[Phrase grounding data]
________________________________________

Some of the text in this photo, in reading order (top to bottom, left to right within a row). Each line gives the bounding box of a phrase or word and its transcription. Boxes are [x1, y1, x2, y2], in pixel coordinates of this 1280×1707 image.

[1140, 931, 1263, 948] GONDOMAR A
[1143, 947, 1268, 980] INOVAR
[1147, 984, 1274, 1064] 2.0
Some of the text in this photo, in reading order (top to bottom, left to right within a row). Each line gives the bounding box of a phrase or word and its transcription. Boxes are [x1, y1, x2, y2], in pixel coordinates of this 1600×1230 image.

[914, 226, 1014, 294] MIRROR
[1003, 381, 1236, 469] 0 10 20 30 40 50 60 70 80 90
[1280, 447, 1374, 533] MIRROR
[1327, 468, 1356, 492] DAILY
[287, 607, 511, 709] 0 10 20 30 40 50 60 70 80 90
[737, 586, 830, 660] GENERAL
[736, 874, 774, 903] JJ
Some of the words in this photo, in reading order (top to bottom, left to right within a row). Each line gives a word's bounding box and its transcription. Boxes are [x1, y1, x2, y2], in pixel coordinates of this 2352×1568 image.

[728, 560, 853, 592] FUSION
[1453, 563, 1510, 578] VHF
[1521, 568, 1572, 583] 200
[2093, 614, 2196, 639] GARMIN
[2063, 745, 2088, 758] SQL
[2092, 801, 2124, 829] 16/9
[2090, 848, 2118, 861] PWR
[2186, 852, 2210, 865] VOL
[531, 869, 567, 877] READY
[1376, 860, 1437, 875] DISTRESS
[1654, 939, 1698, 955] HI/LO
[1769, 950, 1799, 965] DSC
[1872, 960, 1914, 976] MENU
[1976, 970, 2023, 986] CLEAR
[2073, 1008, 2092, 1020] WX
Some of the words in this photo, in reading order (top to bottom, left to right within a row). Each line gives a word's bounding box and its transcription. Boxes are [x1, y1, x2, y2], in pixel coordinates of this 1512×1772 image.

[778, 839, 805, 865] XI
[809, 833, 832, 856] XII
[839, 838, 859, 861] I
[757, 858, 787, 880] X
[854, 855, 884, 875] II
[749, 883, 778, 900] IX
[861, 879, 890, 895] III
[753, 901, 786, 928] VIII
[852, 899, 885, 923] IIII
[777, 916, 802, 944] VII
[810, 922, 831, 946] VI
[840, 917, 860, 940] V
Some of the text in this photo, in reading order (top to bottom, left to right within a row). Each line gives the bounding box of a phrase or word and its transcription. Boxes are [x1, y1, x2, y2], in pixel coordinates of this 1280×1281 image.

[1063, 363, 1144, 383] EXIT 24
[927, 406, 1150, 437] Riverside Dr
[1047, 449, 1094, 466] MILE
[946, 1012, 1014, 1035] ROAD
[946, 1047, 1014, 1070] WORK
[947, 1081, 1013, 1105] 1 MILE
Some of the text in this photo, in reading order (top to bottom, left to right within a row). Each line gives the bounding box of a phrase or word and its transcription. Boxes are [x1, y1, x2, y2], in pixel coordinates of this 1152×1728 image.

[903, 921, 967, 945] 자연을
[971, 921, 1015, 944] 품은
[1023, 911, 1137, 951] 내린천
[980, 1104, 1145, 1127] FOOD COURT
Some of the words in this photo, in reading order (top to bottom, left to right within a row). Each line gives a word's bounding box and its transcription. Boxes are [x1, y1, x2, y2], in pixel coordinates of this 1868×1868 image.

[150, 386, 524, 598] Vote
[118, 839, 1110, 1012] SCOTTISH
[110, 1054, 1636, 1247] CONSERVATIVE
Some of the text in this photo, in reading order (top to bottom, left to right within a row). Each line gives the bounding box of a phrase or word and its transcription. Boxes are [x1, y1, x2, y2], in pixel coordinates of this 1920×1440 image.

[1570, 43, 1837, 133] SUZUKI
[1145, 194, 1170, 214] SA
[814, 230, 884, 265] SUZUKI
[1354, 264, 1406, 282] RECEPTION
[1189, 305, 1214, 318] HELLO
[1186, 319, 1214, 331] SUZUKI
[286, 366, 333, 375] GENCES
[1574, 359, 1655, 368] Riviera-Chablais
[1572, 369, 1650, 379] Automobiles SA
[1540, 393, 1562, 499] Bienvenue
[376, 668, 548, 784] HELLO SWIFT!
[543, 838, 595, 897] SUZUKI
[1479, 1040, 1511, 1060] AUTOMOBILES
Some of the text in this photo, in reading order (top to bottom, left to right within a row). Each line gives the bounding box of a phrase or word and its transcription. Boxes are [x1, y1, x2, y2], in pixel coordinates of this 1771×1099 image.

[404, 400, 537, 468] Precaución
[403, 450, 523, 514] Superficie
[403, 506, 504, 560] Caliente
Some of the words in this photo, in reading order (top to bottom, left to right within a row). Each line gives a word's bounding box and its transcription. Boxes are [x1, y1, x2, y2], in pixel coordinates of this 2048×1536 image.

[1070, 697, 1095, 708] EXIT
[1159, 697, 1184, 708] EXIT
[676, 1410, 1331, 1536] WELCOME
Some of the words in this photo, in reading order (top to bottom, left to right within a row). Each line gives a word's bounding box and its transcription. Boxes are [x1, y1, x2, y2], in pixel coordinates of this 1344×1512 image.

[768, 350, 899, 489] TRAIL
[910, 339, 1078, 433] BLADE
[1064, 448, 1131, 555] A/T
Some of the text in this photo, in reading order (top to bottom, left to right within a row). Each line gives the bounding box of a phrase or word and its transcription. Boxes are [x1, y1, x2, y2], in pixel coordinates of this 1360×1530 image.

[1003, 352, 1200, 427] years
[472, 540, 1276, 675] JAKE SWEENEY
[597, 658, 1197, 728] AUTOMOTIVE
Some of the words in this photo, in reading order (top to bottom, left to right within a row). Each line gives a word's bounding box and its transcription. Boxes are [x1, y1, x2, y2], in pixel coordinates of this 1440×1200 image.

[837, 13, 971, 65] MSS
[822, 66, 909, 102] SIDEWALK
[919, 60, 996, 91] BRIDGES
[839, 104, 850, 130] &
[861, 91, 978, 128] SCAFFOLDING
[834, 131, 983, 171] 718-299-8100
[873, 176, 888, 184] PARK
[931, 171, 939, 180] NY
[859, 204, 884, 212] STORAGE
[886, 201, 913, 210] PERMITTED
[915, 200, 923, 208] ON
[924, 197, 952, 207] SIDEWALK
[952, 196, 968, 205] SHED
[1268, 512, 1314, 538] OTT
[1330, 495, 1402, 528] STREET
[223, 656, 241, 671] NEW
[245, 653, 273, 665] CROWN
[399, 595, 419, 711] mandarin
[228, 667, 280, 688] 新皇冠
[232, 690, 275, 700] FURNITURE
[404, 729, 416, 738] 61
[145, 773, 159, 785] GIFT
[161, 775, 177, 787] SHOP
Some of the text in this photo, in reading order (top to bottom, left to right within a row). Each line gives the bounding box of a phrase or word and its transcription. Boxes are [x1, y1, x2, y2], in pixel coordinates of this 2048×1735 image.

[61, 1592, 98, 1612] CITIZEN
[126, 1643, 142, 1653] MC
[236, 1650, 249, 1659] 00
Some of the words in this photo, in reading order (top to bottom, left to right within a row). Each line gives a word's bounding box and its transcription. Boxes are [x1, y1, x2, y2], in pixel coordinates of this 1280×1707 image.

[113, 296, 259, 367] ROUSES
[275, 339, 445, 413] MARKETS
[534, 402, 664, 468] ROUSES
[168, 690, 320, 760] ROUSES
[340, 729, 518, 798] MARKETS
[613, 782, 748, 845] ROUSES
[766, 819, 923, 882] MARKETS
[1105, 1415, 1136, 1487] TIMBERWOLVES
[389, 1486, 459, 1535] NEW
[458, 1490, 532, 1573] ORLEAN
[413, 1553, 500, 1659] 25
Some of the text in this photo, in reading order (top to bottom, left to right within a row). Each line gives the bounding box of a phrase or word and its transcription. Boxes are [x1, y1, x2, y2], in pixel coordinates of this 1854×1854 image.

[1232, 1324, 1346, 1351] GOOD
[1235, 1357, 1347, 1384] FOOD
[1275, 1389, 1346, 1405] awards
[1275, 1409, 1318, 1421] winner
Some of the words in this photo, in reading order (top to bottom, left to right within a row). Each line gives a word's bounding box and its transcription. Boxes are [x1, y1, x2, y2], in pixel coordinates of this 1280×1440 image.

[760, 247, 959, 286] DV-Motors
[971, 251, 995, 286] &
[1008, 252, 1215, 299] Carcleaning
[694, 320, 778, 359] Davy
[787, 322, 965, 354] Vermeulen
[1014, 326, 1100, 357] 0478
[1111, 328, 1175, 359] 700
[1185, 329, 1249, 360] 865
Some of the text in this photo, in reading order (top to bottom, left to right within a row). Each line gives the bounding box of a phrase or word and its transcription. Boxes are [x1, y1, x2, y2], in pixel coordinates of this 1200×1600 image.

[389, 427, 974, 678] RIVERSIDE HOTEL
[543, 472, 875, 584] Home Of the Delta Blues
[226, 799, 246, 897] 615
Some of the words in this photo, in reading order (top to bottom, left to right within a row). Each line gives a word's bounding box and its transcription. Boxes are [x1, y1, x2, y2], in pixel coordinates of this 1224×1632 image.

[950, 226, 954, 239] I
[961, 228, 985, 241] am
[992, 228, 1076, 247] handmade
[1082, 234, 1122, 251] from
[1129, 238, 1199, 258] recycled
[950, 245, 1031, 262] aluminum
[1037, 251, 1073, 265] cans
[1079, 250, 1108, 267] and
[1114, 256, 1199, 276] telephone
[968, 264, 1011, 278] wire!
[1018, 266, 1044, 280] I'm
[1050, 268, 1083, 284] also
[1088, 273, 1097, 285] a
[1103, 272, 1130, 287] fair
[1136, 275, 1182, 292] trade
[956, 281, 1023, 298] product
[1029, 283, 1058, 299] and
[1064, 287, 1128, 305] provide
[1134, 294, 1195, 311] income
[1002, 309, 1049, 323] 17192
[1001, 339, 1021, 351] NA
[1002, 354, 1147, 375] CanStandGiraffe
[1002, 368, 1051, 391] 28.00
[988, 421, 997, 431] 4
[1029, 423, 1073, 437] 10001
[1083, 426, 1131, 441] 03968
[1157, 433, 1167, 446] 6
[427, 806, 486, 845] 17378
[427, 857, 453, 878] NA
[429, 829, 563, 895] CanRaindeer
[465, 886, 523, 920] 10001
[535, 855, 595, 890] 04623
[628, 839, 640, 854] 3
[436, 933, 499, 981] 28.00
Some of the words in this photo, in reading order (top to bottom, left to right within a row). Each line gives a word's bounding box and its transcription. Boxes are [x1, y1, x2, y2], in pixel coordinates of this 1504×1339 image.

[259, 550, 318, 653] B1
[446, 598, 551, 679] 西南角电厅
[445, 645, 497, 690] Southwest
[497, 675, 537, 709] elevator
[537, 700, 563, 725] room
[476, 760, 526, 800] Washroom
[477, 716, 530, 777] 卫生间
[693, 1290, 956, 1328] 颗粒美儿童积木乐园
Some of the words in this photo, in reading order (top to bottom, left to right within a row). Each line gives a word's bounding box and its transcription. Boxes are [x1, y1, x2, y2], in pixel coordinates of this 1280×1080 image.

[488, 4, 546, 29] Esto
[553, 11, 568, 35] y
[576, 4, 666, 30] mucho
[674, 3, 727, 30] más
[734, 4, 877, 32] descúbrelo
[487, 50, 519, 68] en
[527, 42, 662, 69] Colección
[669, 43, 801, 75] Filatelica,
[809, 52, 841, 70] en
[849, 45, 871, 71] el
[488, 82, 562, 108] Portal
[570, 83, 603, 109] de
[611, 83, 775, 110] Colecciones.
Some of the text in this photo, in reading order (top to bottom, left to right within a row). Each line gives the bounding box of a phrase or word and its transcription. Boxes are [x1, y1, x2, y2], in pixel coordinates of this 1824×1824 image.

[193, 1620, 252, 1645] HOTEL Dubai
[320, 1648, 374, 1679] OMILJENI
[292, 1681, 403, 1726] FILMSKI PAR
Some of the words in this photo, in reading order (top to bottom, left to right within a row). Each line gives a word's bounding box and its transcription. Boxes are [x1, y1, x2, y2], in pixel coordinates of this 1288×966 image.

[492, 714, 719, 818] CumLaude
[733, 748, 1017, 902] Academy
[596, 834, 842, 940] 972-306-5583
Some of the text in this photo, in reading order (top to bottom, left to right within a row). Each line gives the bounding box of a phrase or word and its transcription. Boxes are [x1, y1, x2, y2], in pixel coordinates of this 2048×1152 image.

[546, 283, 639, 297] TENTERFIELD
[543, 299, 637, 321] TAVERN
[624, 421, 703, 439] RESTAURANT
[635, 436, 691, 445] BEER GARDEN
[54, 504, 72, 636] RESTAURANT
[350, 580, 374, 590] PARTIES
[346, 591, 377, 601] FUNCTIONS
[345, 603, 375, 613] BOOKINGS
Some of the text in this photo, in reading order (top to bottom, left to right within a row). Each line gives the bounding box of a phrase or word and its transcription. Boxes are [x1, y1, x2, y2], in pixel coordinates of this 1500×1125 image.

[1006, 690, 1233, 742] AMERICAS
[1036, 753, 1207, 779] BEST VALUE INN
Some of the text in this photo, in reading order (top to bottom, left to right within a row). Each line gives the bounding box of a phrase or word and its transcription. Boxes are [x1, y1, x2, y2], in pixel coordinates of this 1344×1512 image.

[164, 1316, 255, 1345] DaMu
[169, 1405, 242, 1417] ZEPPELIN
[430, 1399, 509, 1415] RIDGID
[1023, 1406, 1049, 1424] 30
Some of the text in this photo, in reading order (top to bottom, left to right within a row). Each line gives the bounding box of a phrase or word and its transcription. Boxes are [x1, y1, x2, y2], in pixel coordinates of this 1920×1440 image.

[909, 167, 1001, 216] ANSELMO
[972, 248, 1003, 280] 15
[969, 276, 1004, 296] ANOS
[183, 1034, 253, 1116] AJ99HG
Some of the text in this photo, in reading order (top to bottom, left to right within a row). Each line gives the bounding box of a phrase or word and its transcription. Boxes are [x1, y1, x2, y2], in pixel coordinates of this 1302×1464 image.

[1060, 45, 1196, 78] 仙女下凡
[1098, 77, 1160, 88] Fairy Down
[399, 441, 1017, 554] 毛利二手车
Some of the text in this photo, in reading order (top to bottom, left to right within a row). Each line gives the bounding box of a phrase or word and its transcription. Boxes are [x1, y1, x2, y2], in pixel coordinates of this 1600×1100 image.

________________________________________

Exactly the lines from the one holding "this 1302×1464 image." through the end of the data are to be repeated, with both ends included.

Some of the text in this photo, in reading order (top to bottom, left to right within a row). Each line gives the bounding box of a phrase or word and its transcription. Boxes are [x1, y1, x2, y2], in pixel coordinates of this 1302×1464 image.

[1060, 45, 1196, 78] 仙女下凡
[1098, 77, 1160, 88] Fairy Down
[399, 441, 1017, 554] 毛利二手车
Some of the text in this photo, in reading order (top to bottom, left to right within a row). Each line gives the bounding box of a phrase or word and its transcription. Boxes are [x1, y1, x2, y2], in pixel coordinates of this 1600×1100 image.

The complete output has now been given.